Resilient CEO Des de Beer. Picture: FREDDY MAVUNDA
Resilient CEO Des de Beer. Picture: FREDDY MAVUNDA

Resilient, which was involved in a property scandal that saw it lose more than 60% of its market value in 2018 after traders flogged its shares, has warned that power disruptions and national retailer Edcon’s struggles will reduce its dividend growth in its upcoming financial results.

The group, which owns malls in small towns such as Tzaneen, Polokwane and Brits, and also has stakes in European retail landlords Nepi Rockcastle and Lighthouse Capital, said problems beyond its control had led to rising costs.

It said in a pre-close statement on the JSE’s news service that it now expects to pay a dividend close to 530c a share for the year to June, at the lower end of its guidance. The upper end was 550c. This meant its total dividend for the year would be about 6.3% lower than that achieved in its 2018 financial year.

Resilient is not used to its dividends shrinking. Even though its total dividend for the year to June 2018 was 565.44c, 0.3% lower than the 567.29c for the year to June 2017, the company has achieved dividend growth in every financial reporting period since listing in December 2002. 

Its earnings were being dented by higher costs for repairs and maintenance of electrical items due to Eskom’s power cuts. The company said no fees from trading or development profits were included in distributable earnings.

Resilient also announced that Edcon’s Edgars chain planned to close two stores in its malls. But it said there was demand from national tenants for this space at higher rentals. 

The closure of the Edgars stores would result in an R11.1m reduction in distributable earnings for the 2019 financial year.

Resilient was formerly part of a stable of property companies that included Fortress, Nepi Rockcastle and Lighthouse Capital. The companies owned stakes within one another, shared offices and some were created by members of Resilient’s management and directors.

At the beginning of 2018, there was a sudden sell-off of shares in the companies in the stable, which persisted for weeks. Some asset and hedge fund managers released reports suggesting that the stable was overvalued and that inter-related party deals, a BEE trust once co-owned by Resilient and Fortress, as well as share trading had been used to inflate share prices and profits. By the end of the year, more than R100bn in value had been lost and the share prices have since recovered very slowly.

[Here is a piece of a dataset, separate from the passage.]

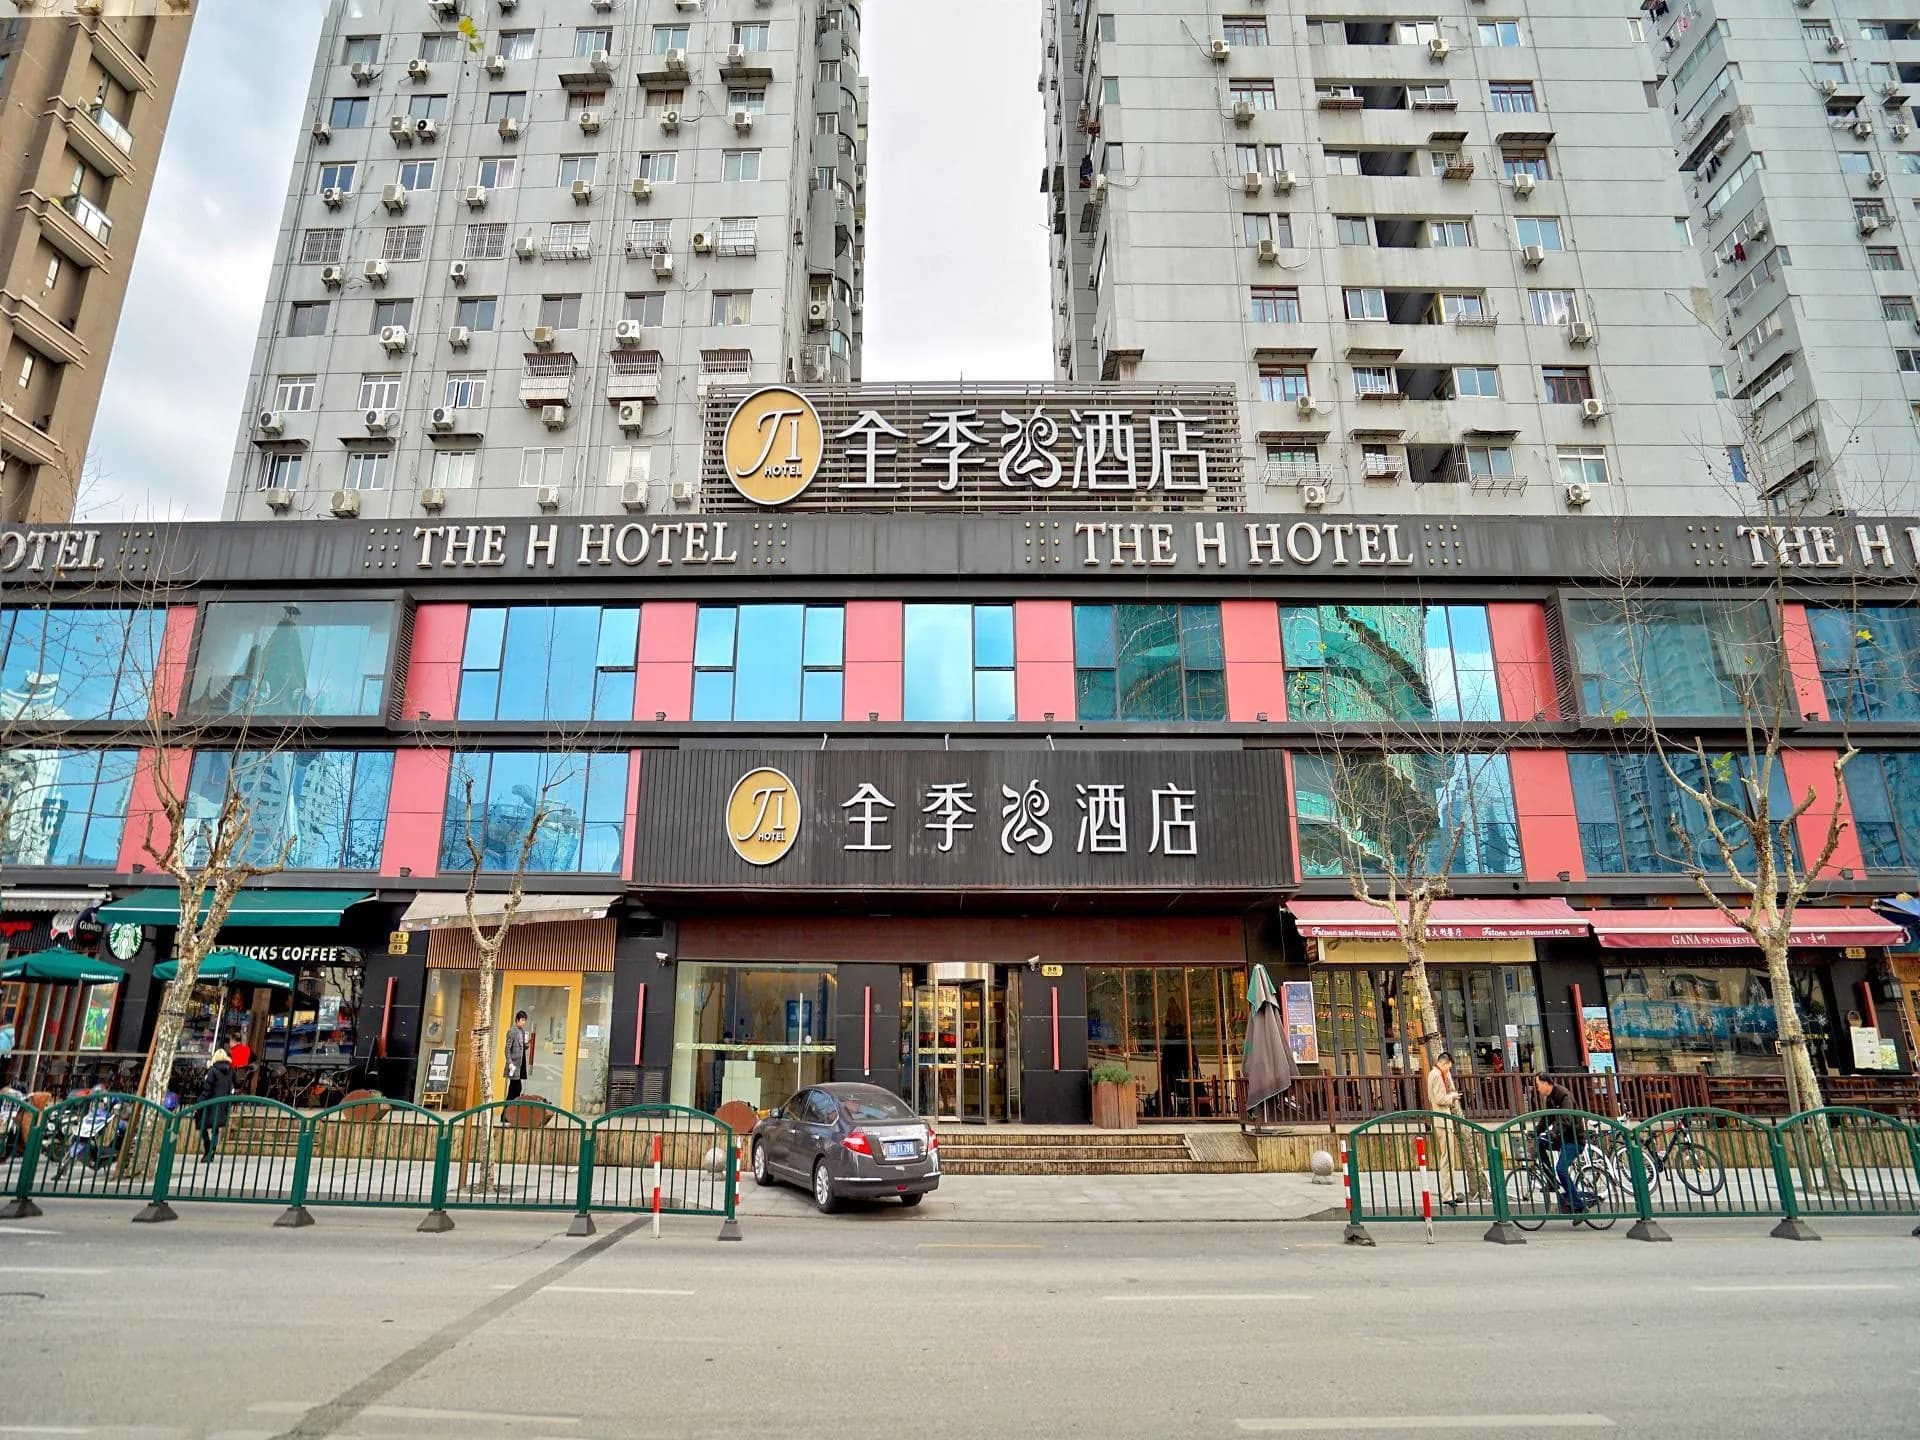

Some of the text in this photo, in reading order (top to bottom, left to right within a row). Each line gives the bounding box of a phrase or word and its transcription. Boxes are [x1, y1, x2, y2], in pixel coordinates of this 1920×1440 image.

The Financial Sector Conduct Authority (FSCA) has been investigating the stable and the trading of the four companies’ shares for more than a year.

The investigation has so far found no evidence of insider trading at any of the four companies. It is yet to release findings on allegations of price manipulation through share trades and false and misleading reporting by and on Resilient and Lighthouse Capital. It cleared Nepi Rockcastle in the middle of June.

The FSCA is probing possible prohibited trading practices relating to trading by and on Fortress shares on the JSE. 

Wynand Smit, real estate analyst at Anchor Stockbrokers, said Resilient had responded to shareholders’ concerns.

“The company has done well to address shareholder concerns over the last 12 months, which included the elimination of the cross-holding with Fortress, the Siyakha Trust restructuring and the review of the constitution of the board,” he said.

Smit said Resilient’s plan to reduce its loan-to-value ratio to below 30% by the end of financial year 2019 was “good in a challenging local property market” and lower than the sector average at about 36%. 

Resilient CEO Des de Beer could not be reached for comment. 

andersona@businesslive.co.za

Correction: June 26 2019

In an earlier version of this article  we incorrectly reported that the FSCA was investigating allegations of false and misleading reporting by Fortress.  In fact, the FSCA is investigating only possible prohibited trading practices relating to trading in its shares on the JSE. Possible insider trading and false and misleading reporting cases have been closed.